* [EXCERPTED DATA]
----

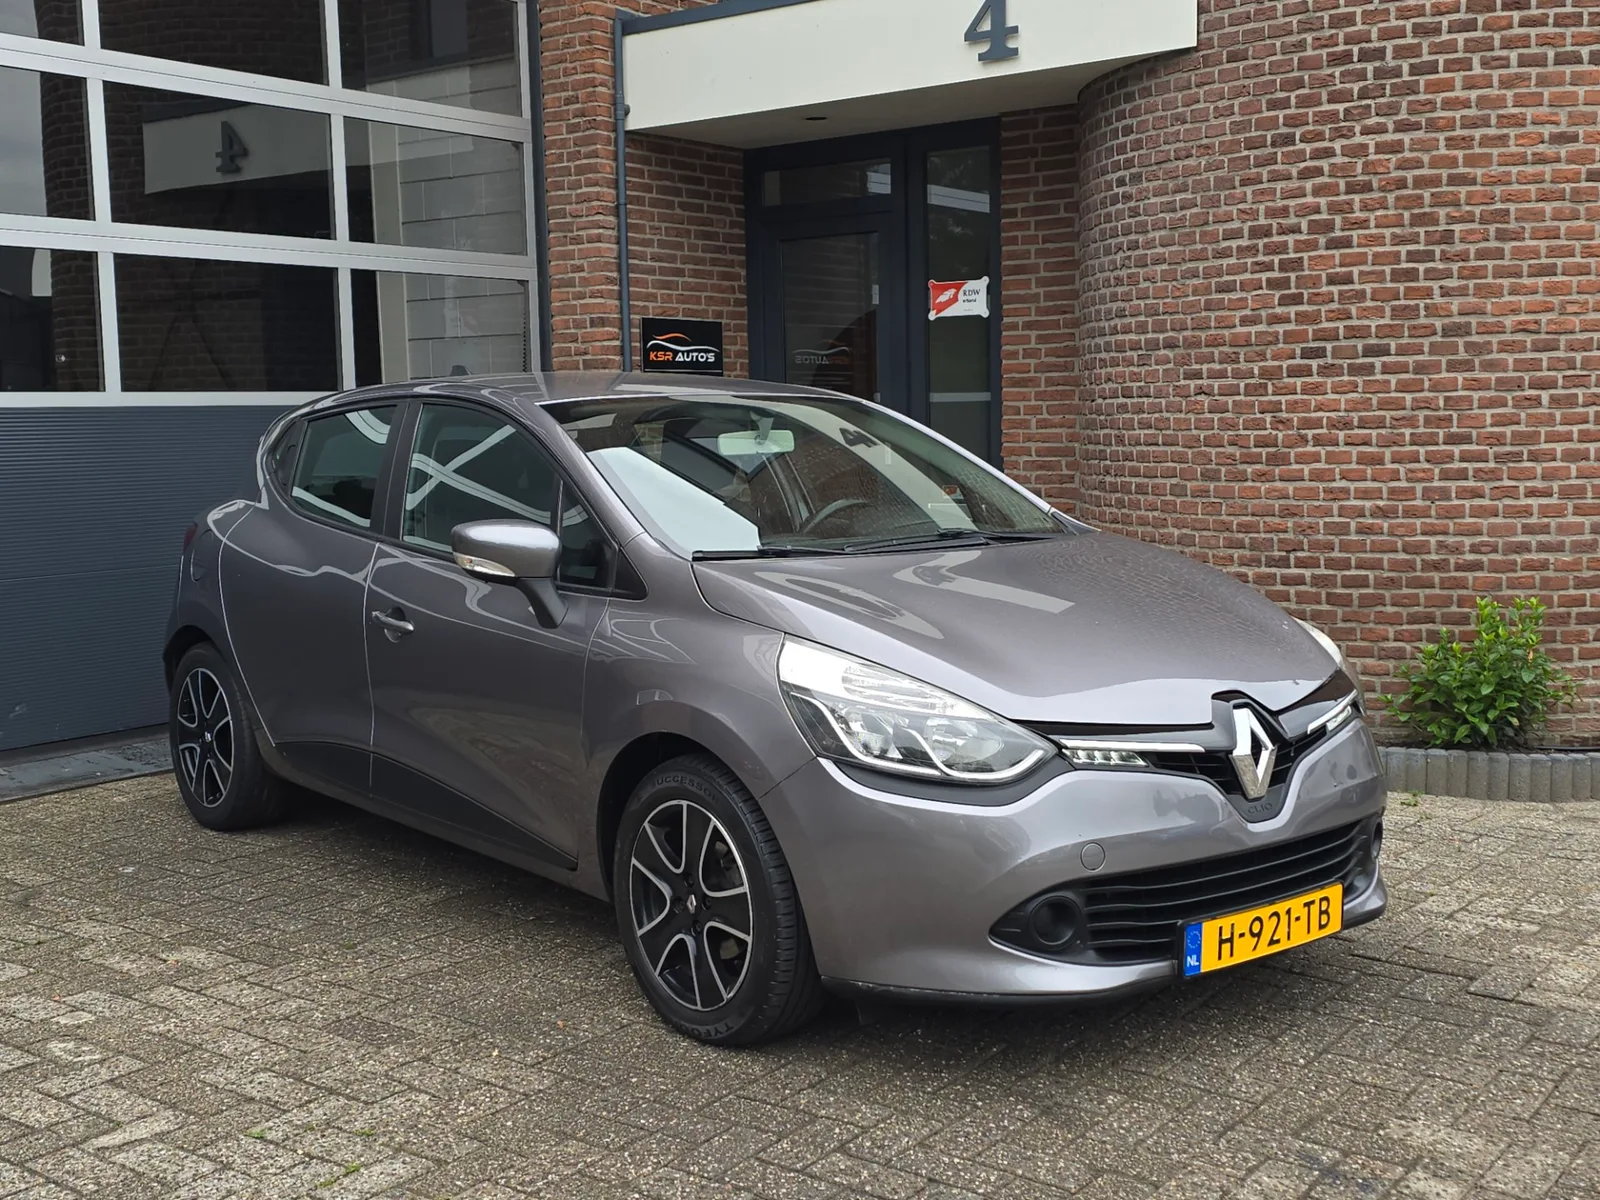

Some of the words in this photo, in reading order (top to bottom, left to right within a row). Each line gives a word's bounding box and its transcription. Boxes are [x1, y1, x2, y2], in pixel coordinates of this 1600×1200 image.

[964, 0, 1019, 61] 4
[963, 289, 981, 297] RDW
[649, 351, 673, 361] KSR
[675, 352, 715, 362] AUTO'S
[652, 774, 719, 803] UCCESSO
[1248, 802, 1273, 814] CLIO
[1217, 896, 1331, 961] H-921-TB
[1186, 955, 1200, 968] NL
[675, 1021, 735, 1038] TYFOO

----

* [WORK TO BE COMPLETED] Apart from the pictures, every line of the material above is to be returned word for word.

* [EXERCISE RESPONSE]
Some of the words in this photo, in reading order (top to bottom, left to right within a row). Each line gives a word's bounding box and its transcription. Boxes are [x1, y1, x2, y2], in pixel coordinates of this 1600×1200 image.

[964, 0, 1019, 61] 4
[963, 289, 981, 297] RDW
[649, 351, 673, 361] KSR
[675, 352, 715, 362] AUTO'S
[652, 774, 719, 803] UCCESSO
[1248, 802, 1273, 814] CLIO
[1217, 896, 1331, 961] H-921-TB
[1186, 955, 1200, 968] NL
[675, 1021, 735, 1038] TYFOO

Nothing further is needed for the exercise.